Embroidery is the art of forming beautiful intricate designs and motifs on fabrics with different colored threads. One of the most famous forms of embroidery is the Punjabi embroidery. The traditional embroidery of Punjab is known as Phulkari. The name itself means growing of flowers. Thus, the motifs and patterns of Phulkari essentially contain floral designs and motifs. Bright color combinations are used for the floral patterns and they can be seen in almost all traditional attire.
 
Historical Background
The exact origin of Phulkari cannot be traced back to the point of precision. One may find references to Phulkari as early as 2000 years back in the Vedas. In the popular Punjabi folklore Heer-Ranjha, the art of Phulkari has been mentioned by the poet Waris Shah. The Phulkari gained its present form way back in the 15th century in the reign of Maharaja Ranjit Singh. It was evolved in many different forms and there was one different design for every occasion.
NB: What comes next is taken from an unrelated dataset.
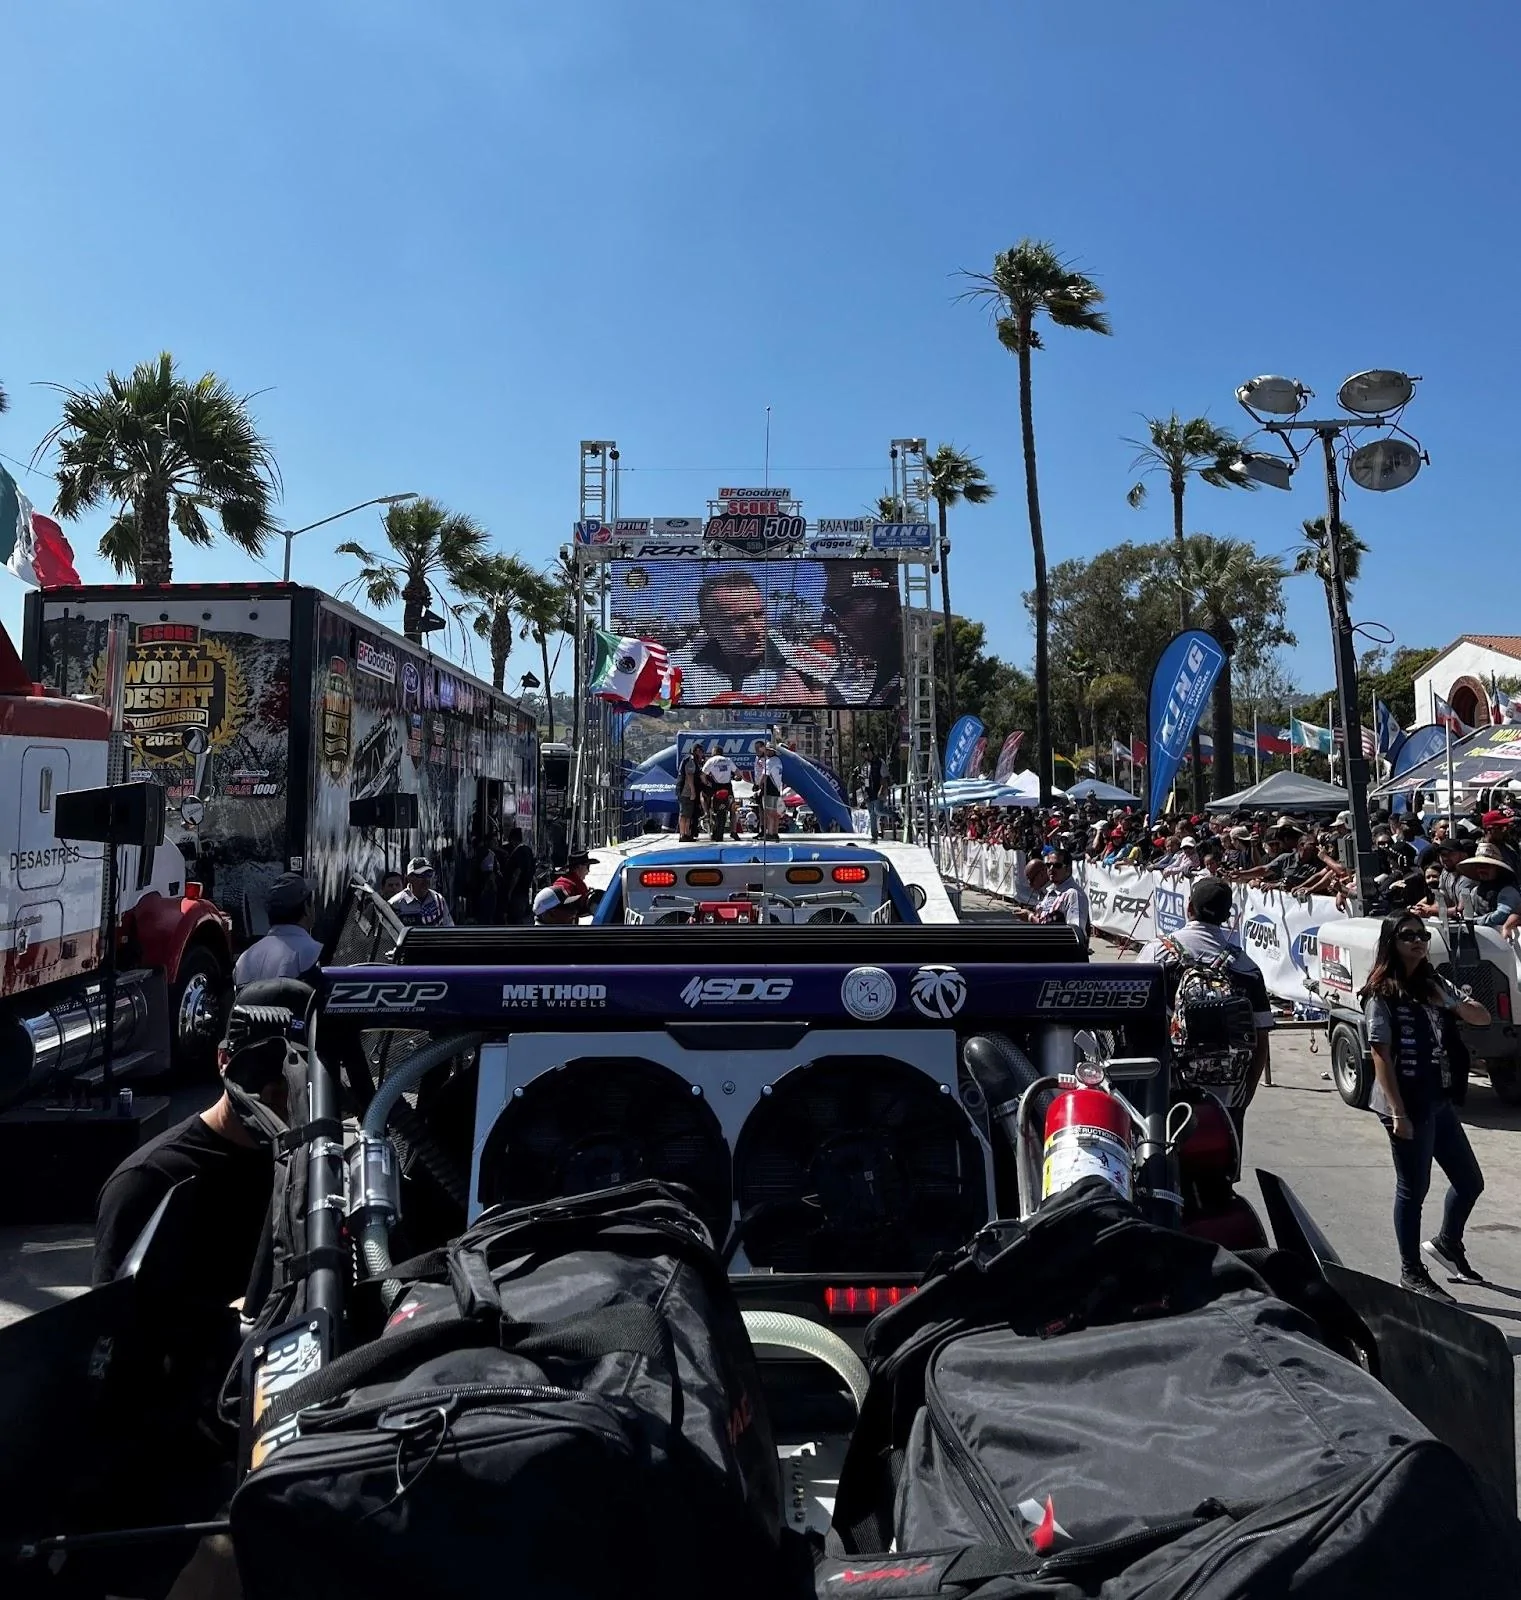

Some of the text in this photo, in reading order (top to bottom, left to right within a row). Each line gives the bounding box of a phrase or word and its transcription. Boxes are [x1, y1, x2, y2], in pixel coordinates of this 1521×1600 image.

The knowledge of this art was passed on from one generation to the other and it was not for sale at that time. Phulkari was considered auspicious and was generously used in wedding trousseau.
 
The Process
Traditionally, the Punjabi embroidery is done on handspun khadi cloth. Simple darning stitches are formed using un-spun silk floss yarn known as 'pat'. For this, single strand threads are made into use. Due to the perfection, intricacy and delicacy in designs, Punjabi embroidery has emerged as one of the most sought after crafts. The stitches may be vertical horizontal or diagonal, depending on the variation and shading that is needed. The process of doing the embroidery is quite exhaustive and only professional and experienced hands can come up with stunning designs. You can find Phulkari on salwar-kameez, shawls, heavy dupattas, stoles, sarees, etc.
 
Phulkari for Different Occasions
 
Chope
This is a red colored cloth that has Phulkari on the borders and edges and is presented to a bride by her grandmother, just before the wedding.
 
Vari-da-bagh
This is essentially a red colored cloth that has embroidery in small patterns all over in yellow, denoting fertility and happiness. Along the border, the patterns are smaller and beautifully designed in different colored threads.
 
Ghunghat Bagh
Ghunghat Bagh, also known as sari-pallau, is essentially used to cover the head as a symbol of respect for elders. There is embroidery on the small border in four sides. A large triangular motif is embroidered at the center of each side, making it look beautiful.
 
Darshan Dwar
The Darshan Dwar is basically a gate at a religious place of worship that offers a clear view to the deity. The embroidery used on the fabric is for the purpose of presentation at temples or adorn the walls at home when the holy book of Sikhs, the Guru Granth Sahib, is brought inside a house. It follows the theme of a decorative gate.
 
Suber
The Suber is a Phulkari that is worn by the bride during the rites of the marriage ceremony. There are five motifs, one at center and four at the corners. It is decorated heavily and comprises of delicate designs.
 
Chamba
Chamba is a fusion work of Phulkari and is characterized by an intricate design of wavy creepers, stylized leaves and flowers. Also, it may contain designs inspired from daily life and fauna like chilies, peacocks, diamonds, sunflowers, etc.